Limiting the hours of television advertising for foods and beverages that are high in fat, sugar, and salt (HFSS) could help reduce childhood obesity, according to a new study from the University of Cambridge.

The World Health Organization reports that childhood obesity is one of the most serious public health challenges of the 21st century, and it’s prevalence has grown at an alarming rate. 

The United Kingdom has a goal of cutting childhood obesity in half by 2030, and the government is considering the option of placing restrictions on television advertising for HFSS products between the hours of 5:30 a.m. and 9:00 p.m. 

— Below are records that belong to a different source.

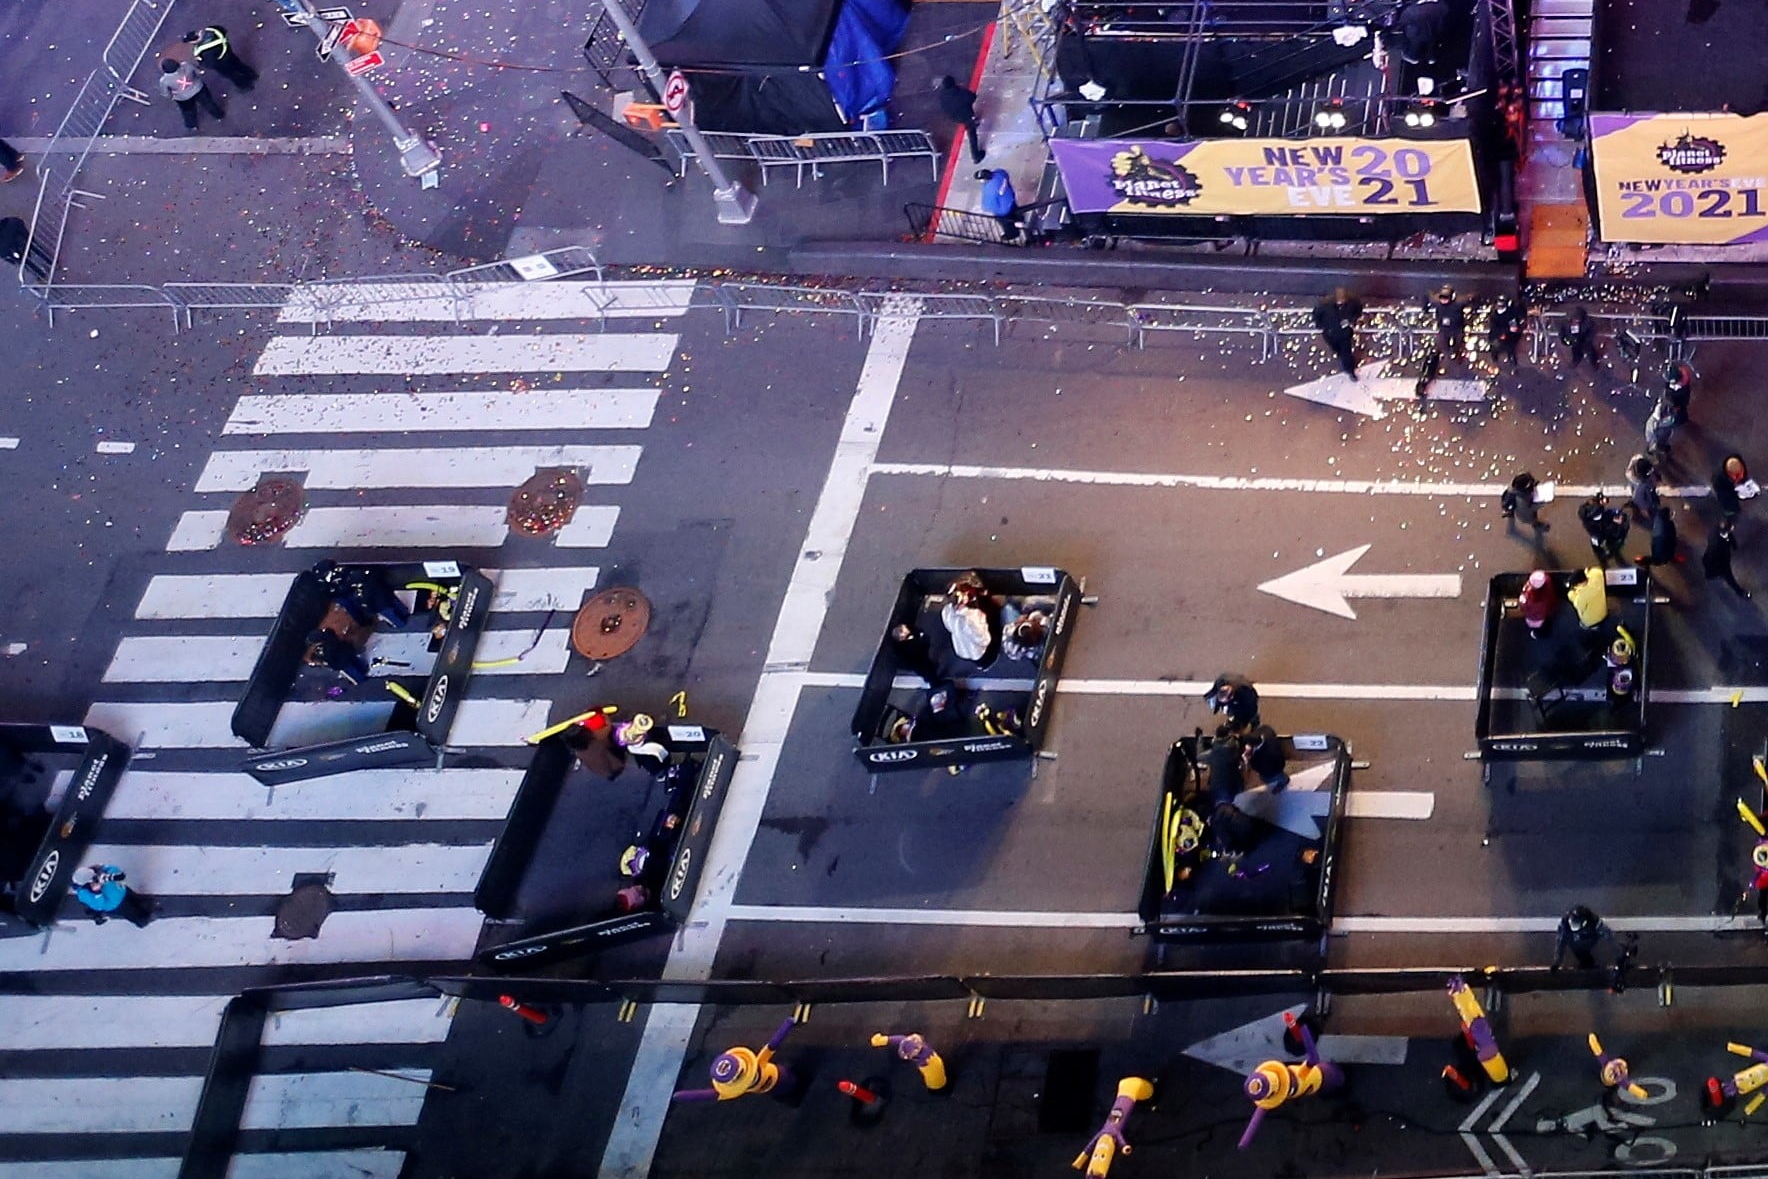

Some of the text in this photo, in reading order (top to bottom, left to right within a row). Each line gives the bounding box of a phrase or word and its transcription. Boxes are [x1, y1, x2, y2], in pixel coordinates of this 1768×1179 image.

[1264, 146, 1343, 167] NEW
[1351, 145, 1432, 179] 20
[1662, 148, 1710, 161] planet
[1669, 155, 1721, 165] fitness
[1114, 177, 1181, 193] planet
[1224, 166, 1351, 187] YEAR'S
[1127, 187, 1197, 201] fitness
[1286, 185, 1354, 207] EVE
[1358, 177, 1439, 206] 21
[1620, 189, 1766, 218] 2021
[429, 679, 447, 719] KIA
[1032, 684, 1046, 723] KIA
[259, 760, 305, 769] KIA
[873, 751, 915, 762] KIA
[32, 854, 57, 898] KIA
[672, 852, 689, 896] KIA
[498, 947, 545, 959] KIA

To investigate, the researchers analyzed data on children’s exposure to HFSS advertising during these particular hours. The team also reviewed previously published information on the association between exposure to HFSS advertising and children’s caloric intake.

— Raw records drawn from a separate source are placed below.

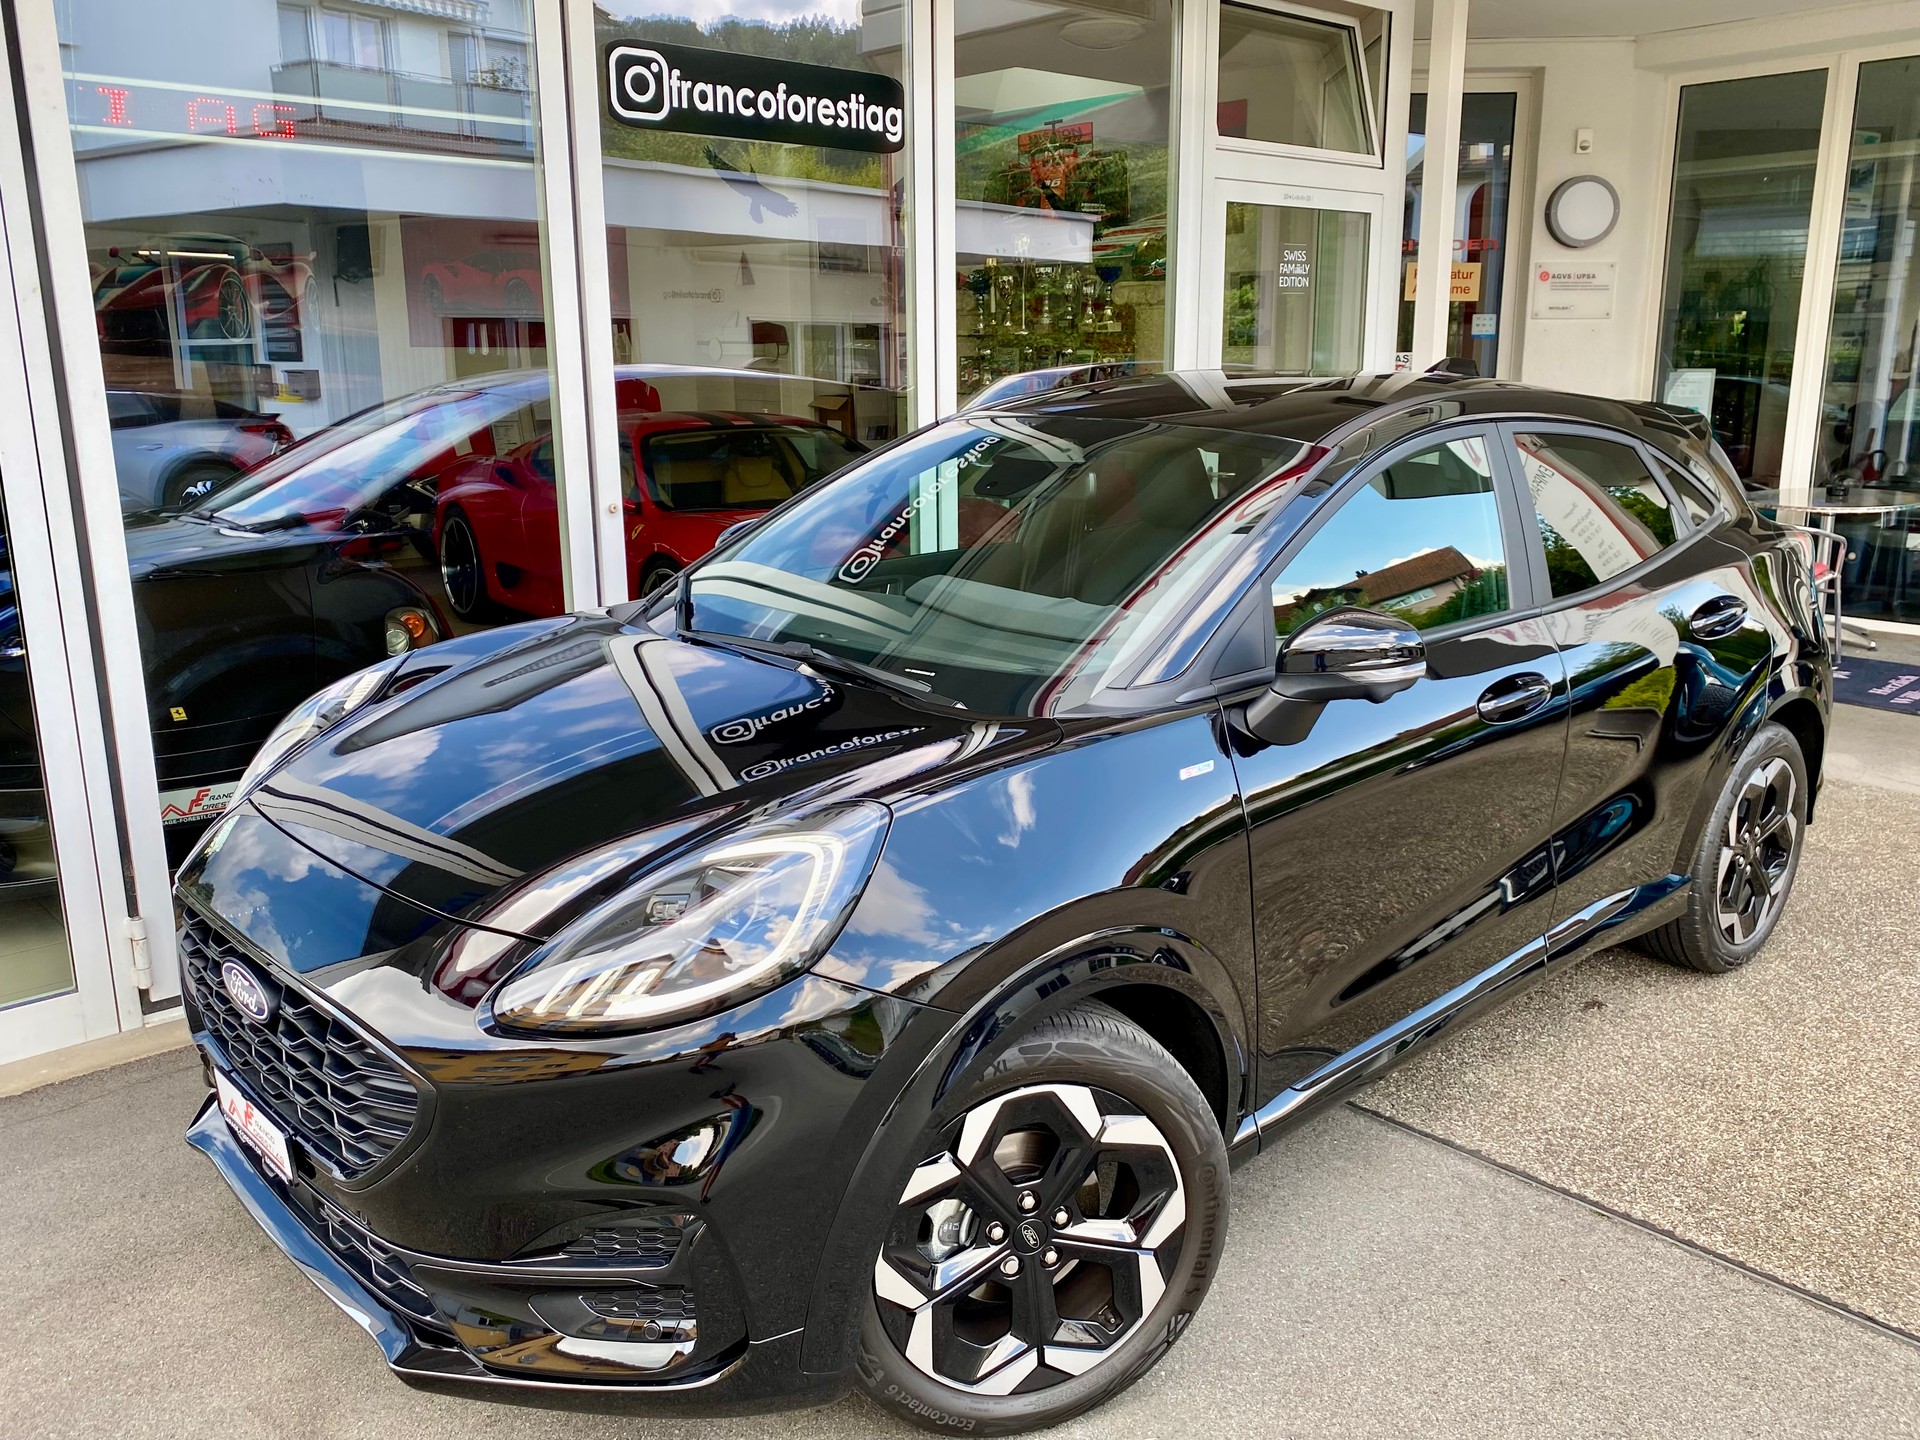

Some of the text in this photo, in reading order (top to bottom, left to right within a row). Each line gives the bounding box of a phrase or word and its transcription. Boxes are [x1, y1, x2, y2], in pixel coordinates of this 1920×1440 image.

[669, 68, 903, 143] francoforestiag
[1283, 250, 1307, 262] SWISS
[1279, 276, 1309, 288] EDITION
[230, 968, 259, 1014] Ford
[896, 1390, 977, 1432] EcoContact

The study revealed that limiting television advertising would make a substantial contribution to reducing childhood obesity.

The researchers found that if all HFSS advertising in the UK was withdrawn during the hours that kids are typically awake, 3.7 million children in the UK would see an average 1.5 fewer HFSS advertisements per day. The subsequent reduction in caloric intake could lower the number of children with obesity by 40,000, and the number of children considered overweight by 120,000.

“Measures which have the potential to reduce exposure to less-healthy food advertising on television could make a meaningful contribution to reducing childhood obesity,” wrote the researchers. However, they also noted that the study has some limitations and does fully account for all the factors that would affect the impact of this policy if it was implemented.

“Our analysis shows that introducing a 9 PM watershed on unhealthy TV food advertising can make a valuable contribution to protecting the future health of all children in the UK, and help level up the health of children from less affluent backgrounds,” said Dr. Oliver Mytton.

“However, children now consume media from a range of sources, and increasingly from online and on-demand services, so in order to give all children the opportunity to grow up healthy it is important to ensure that this advertising doesn’t just move to the 9-10pm slot and to online services.”

The study is published in the journal PLOS Medicine.